Makna Kata

Dalam bahasa Indonesia, dapat ditemukan kata-kata yang memiliki hubungan dalam maknanya, seperti sinonim, antonim, himonim, homograf, homofon, polisemi, hiponim dan hipernim.

 

Sinonim

Sinonim adalah kata yang mempunyai bentuk berbeda, tapi memiliki arti atau makna yang sama/serupa.
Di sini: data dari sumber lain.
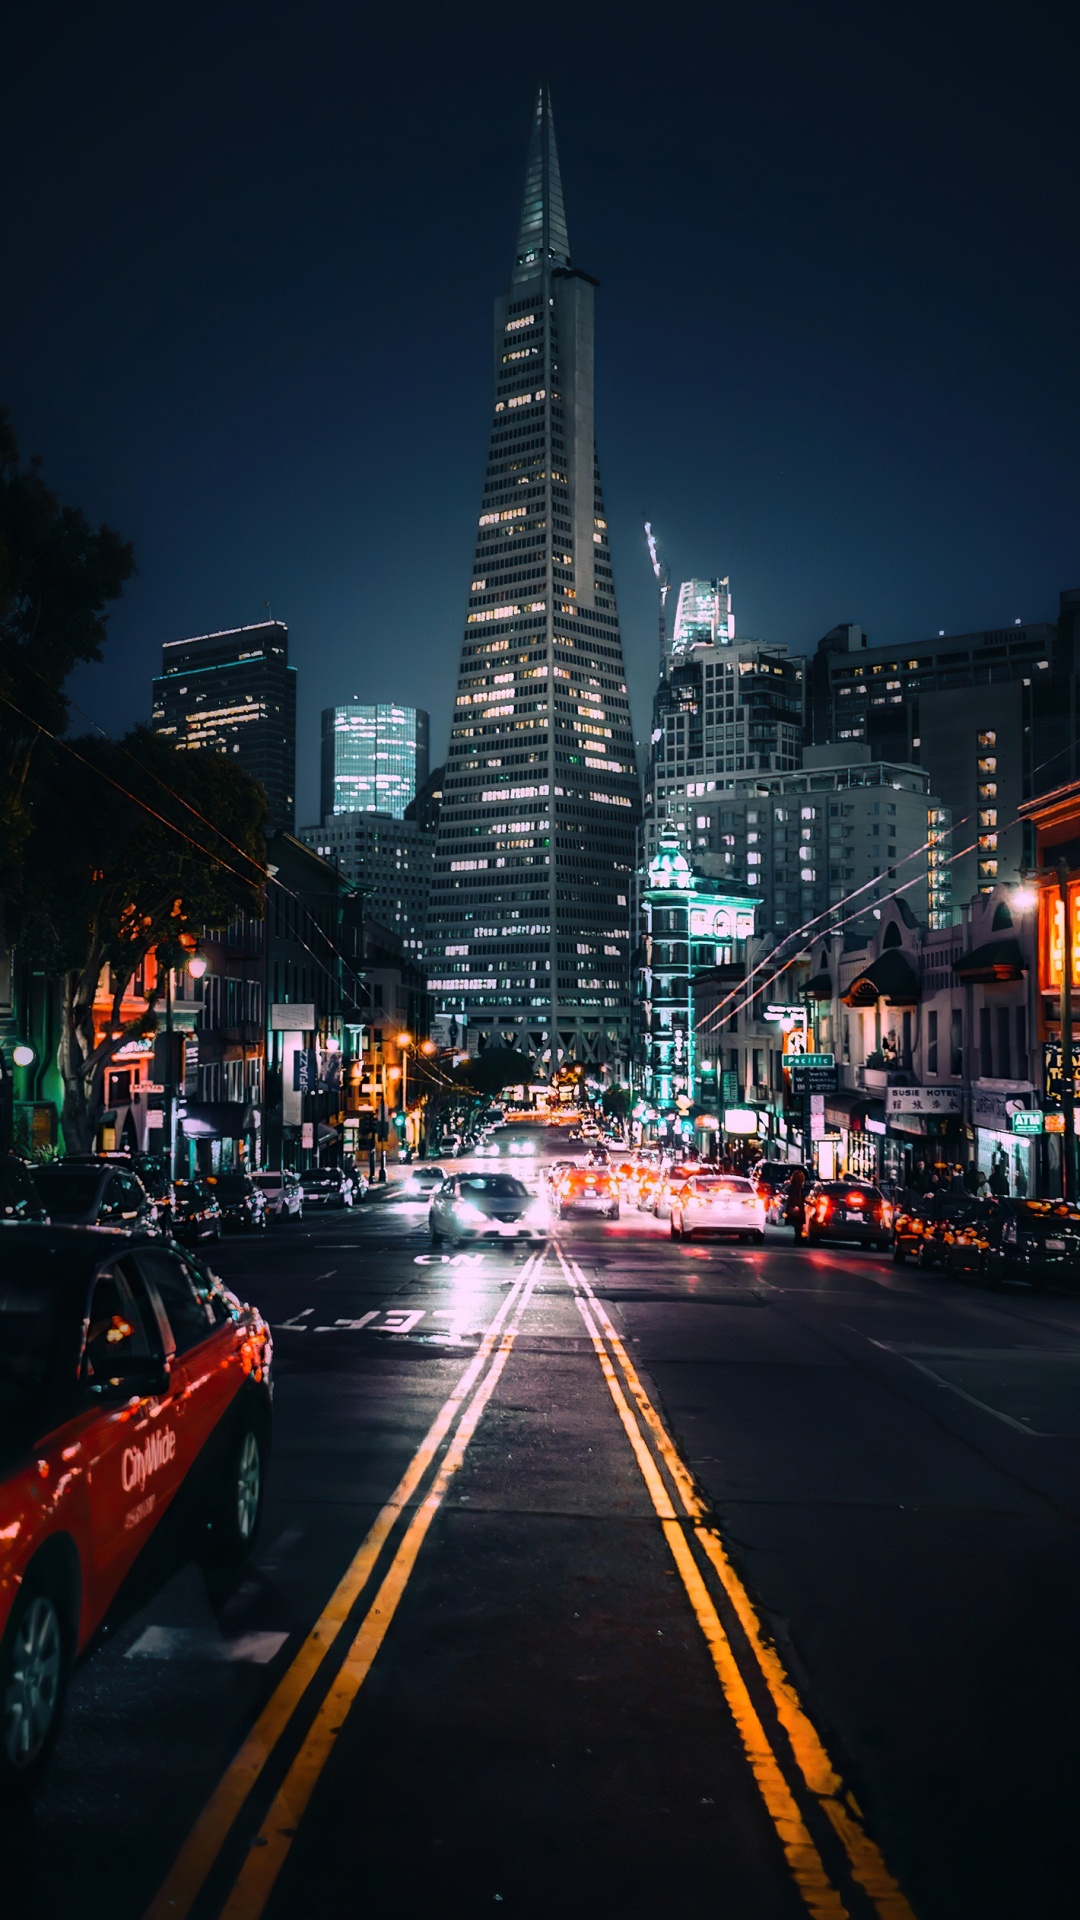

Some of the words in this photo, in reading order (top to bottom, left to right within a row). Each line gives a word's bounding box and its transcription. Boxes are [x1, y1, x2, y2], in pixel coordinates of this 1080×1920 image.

[299, 1049, 309, 1093] SFJAZZ
[1015, 1114, 1040, 1125] ATM
[121, 1423, 176, 1492] CityWide
Contoh: bisa-dapat-mampu, kamu-kau-dikau-engkau.

 

Antonim

Antonim (lawan kata) adalah kata yang artinya berlawanan satu sama lain.

Contoh: siang-malam, kanan-kiri, pintar-bodoh, kotor-bersih.

 

Homonim

Homonim adalah kata yang ejaan dan lafalnya sama tapi memiliki makna berbeda.

Contoh: Bisa ular berbahaya (bisa = racun) ; Aku bisa berenang (bisa = mampu)

 

Homograf

Homograf adalah kata yang ejaannya sama namun pengucapan dan arti berbeda.

Contoh: Apel merah (apel = buah) ; Apel pagi (apel = upacara)

 

Homofon

Homofon adalah kata yang pengucapannya sama namun ejaan dan arti berbeda.

Contoh: Aku sangsi (sangsi = ragu) ; Itu sanksinya (sanksi = hukuman)

 

Polisemi

Polisemi adalah kata yang memiliki arti dan makna berbeda karena adanya perbedaan konsep.

Contoh: Pejuang gugur ; Dia gugur dalam SNMPTN.

 

Hipernim dan Hiponim

Hipernim adalah kata yang menjadi istilah dari beberapa kata lain.

Hiponim adalah kata-kata yang lebih khusus, yang diwakili oleh hipernim.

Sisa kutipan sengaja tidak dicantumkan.